In a recent article I discussed the huge potential of the online advertisement industry. According to sell side estimates the internet advertisement industry would cross $40 billion in a couple of years. Facebook and Baidu are not direct competitors of Sina because they have different business models. However when it comes to competing for advertisement revenues these are the biggest players in the market.

Facebook stock has appreciated by approximately 45% in the last 6 months on positive mobile monetization and growth in advertisement revenues. The company reported in its last quarter earnings report that it has increased mobile revenues to a staggering 23% of all revenues. This growth in mobile however did not translate to better overall earnings due to a 9% decline in desktop revenues. Another major contributor to flat revenue was the decline in ad pricing due to macroeconomic pressures.
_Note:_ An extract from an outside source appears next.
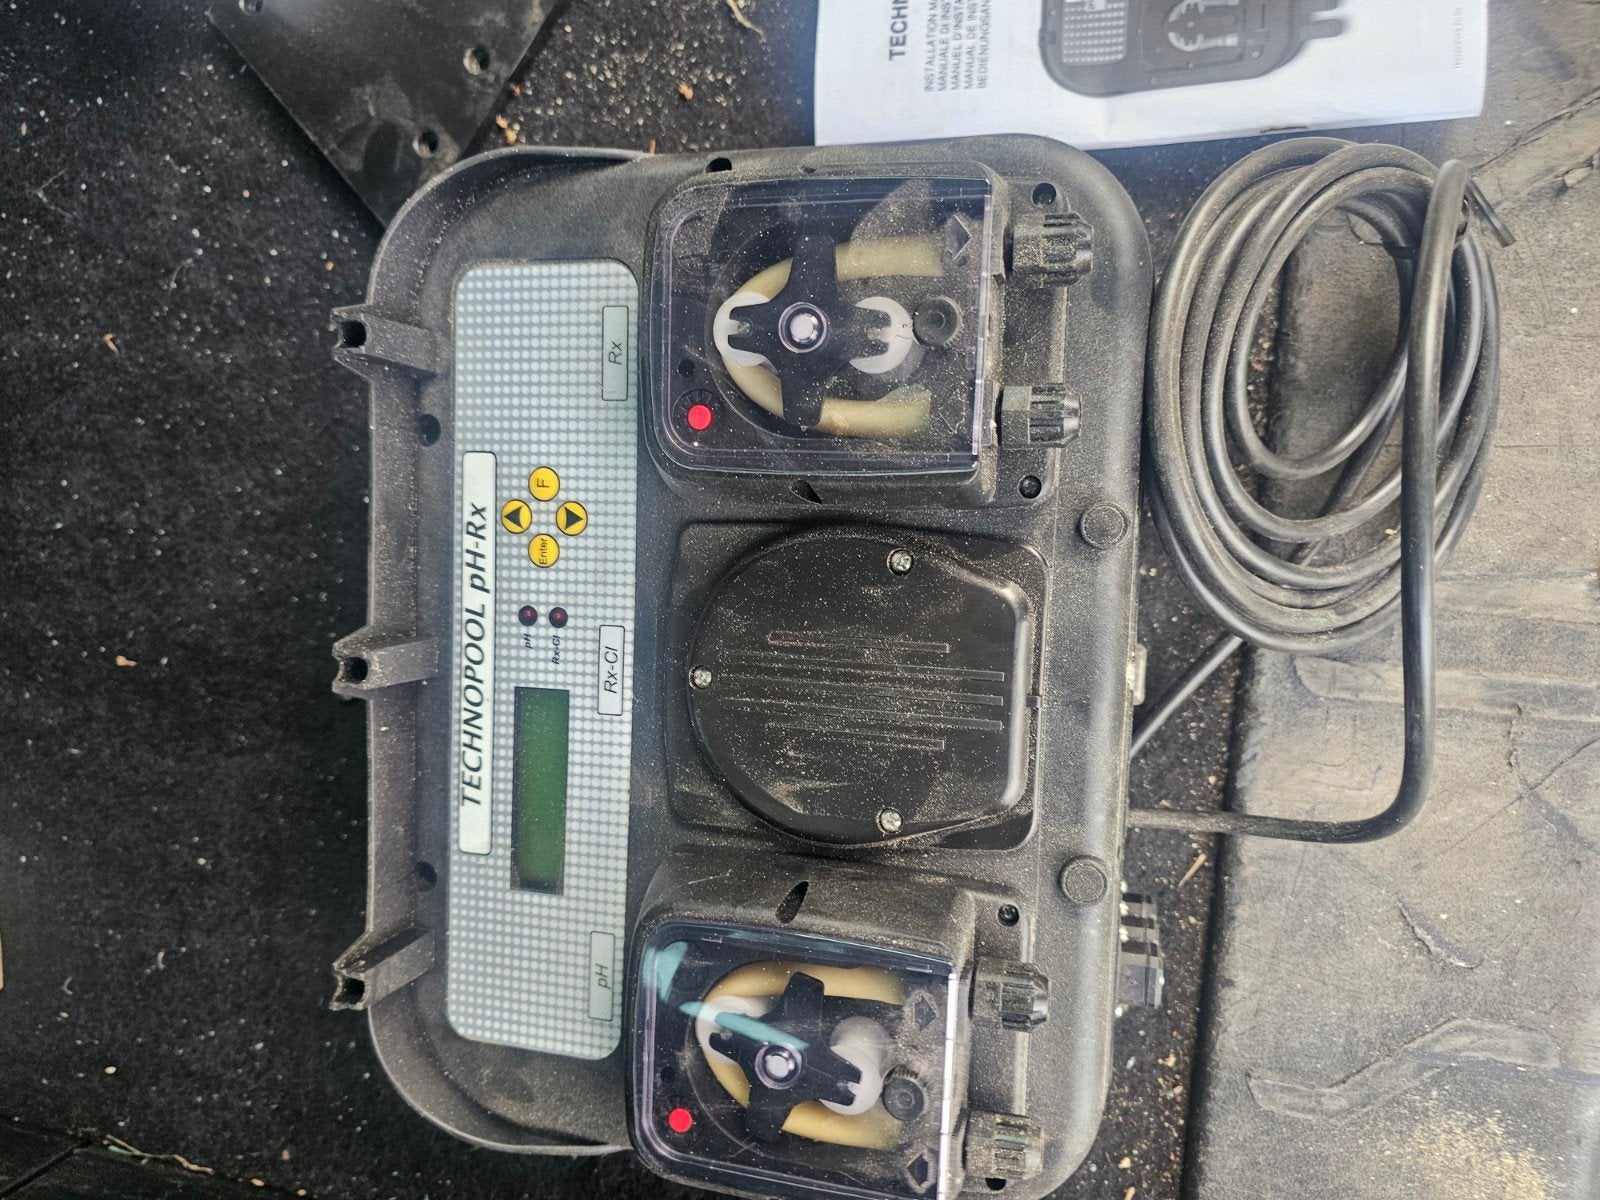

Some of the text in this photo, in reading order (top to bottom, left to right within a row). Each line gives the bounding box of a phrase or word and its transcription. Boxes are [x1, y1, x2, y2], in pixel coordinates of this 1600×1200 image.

As compared to Facebook, the stock price of Baidu has shed almost 30% in the last 6 months. This has been due to a more adverse macroeconomic impact and slower mobile monetization. Despite these issues, Baidu is still the largest player in Chinese online Advertisement market. The company has more than 400K advertisement customers and an extremely diverse customer base. Comparatively the customer base of Sina is much more focused because its target market is mostly in the younger age groups.

Bottom-line

Sina has easily beaten expectations which earnings and has provided a rosy outlook for the next quarter. The company is focusing on expanding revenues of its Weibo platform. The new Weibo products have drawn much interest from both users and investors. During the quarter the company has launched two new Weibo products. One of these new products aims at linking micro bloggers with advertisers and the other one allows advertisers to promote their tweets to audiences not actually following them.

The stock is currently trading at a P/E of 13x and 27% below its mean sell side target price of $120. The company has significant upside potential based on its valuations and overall growth in online advertisement. Sina is currently targeting the fastest growing economy in the world and also operating in the fastest growth industry i.e. online advertisement. This industry has the potential to drive away a large portion of advertisement revenues away from TV industry. Therefore, I consider Sina a top investment candidate despite recent earnings rally.